Conflicts -- they're not just for merges anymore!

Idea

The idea here is this: there are a number of different cases where we have some roster or cset that we would like to write out to the workspace, but for some reason cannot. Some reasons:

  • the workspace is case insensitive or case preserving, and we have files that differ only in case (e.g., FAT, NTFS, HFS)
  • the workspace is unicode normalizing, and we have files that differ only in normalization (e.g., HFS)
  • there are special forbidden file names that we cannot write to (e.g., COM1 on win32)
  • there is already an unversioned object in the workspace with the given name
  • the object we want to write has a utf8 name that cannot be represented in the current locale's charset
  • depending on if/how we implement various sorts of file content munging (line endings, charset, $$-expansion), certain file contents may not be losslessly round-trippable through the workspace. (I.e., all such mungings have a repo->workspace transformation, and a workspace->repo transformation, and generally these are not perfect inverses.)
  • "FAT and NTFS ... allow you to add a period to the end of the file names" (link)
  • this may or may not be best handled as a "non-merge conflict", but there are also a class of workspace issues that cause problems -- files with the write bit turned off, files/dirs that can't be deleted (win32, or weird permissions), directories that we want to delete but that have unversioned children, files/dirs we want to create but there is already something in the way...
  • a filename contains characters which are invalid on some platforms, but not other (i.e. check-in a file in Linux with a colon and try to check that out on Windows...)
  • (add more if you think of any)

An interesting thing is that many of these are similar to existing merge conflicts. The problem with having two files named "A" and "a" is basically similar to the problem of merging to trees that each have a file named "a" -- there are two logical files, and they cannot both have their desired name. Forbidden filenames -- like COM1 or things unrepresentable in the current locale -- are similar to a merge that would create a file named "MT" in the root directory (this is possible when pivot_root is used). Etc.

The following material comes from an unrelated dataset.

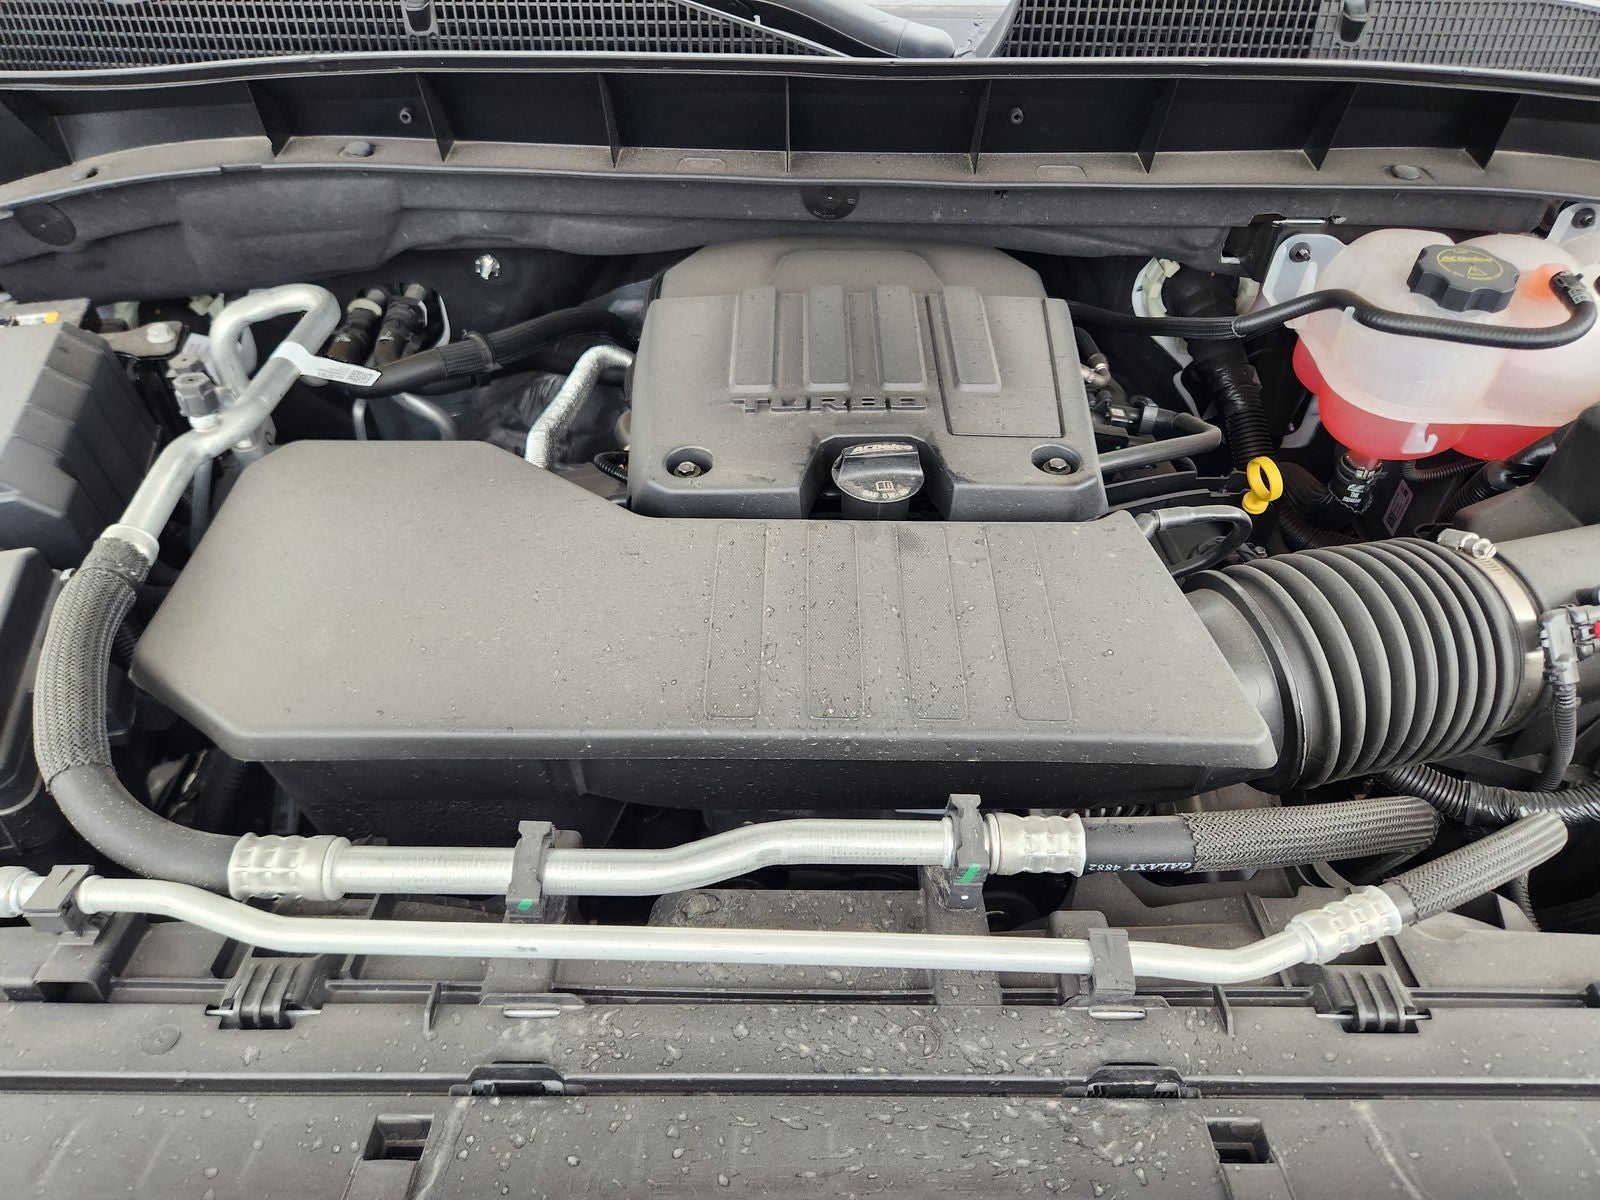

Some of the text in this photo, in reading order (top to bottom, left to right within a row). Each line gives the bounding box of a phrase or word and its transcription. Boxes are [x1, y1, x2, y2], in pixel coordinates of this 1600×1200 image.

[731, 397, 927, 413] TURBO
[850, 443, 914, 455] ACDelco
[1088, 862, 1192, 872] GALAXY 4882

So, the idea is just to re-use the machinery created for MergeViaWorkingDir -- when checkout or update or revert(!) would create a problem like the above, we instead create conflict stuff in the tree. This seems to neatly solve all of the above problems. In particular, we achieve the goal of letting, say, a windows user fix up a tree after someone has accidentally checked in multiple files differing only in case, without having to go find a unix box to do so.

Considerations

  • it becomes possible to have n-way name conflicts (in current merges, it is only possible to have 2 files that want the same name; this would change)
  • we probably want to allow restricted commits of trees containing conflicts, iff the tree has only one parent and all conflicted files are outside of the restriction. This is important for the case where, say, you have some critical change you need to make right now, so you do a quick checkout on the nearest convenient box and find that suddenly you have to deal with a bunch of irrelevant fake conflicts just so you can apply your little tweak into a completely different part of the source. I'm not sure how to define this; probably making this possible can wait until after the initial functionality is landed.

Implementation

This implementation sketch attempts to make the above work in as robust a way as possible; in particular, it tries to avoid hard-coding any knowledge of what "differs only in case" means, etc., because ultimately the only way to know this sort of thing is to ask the filesystem. (Not even the OS, just the filesystem!)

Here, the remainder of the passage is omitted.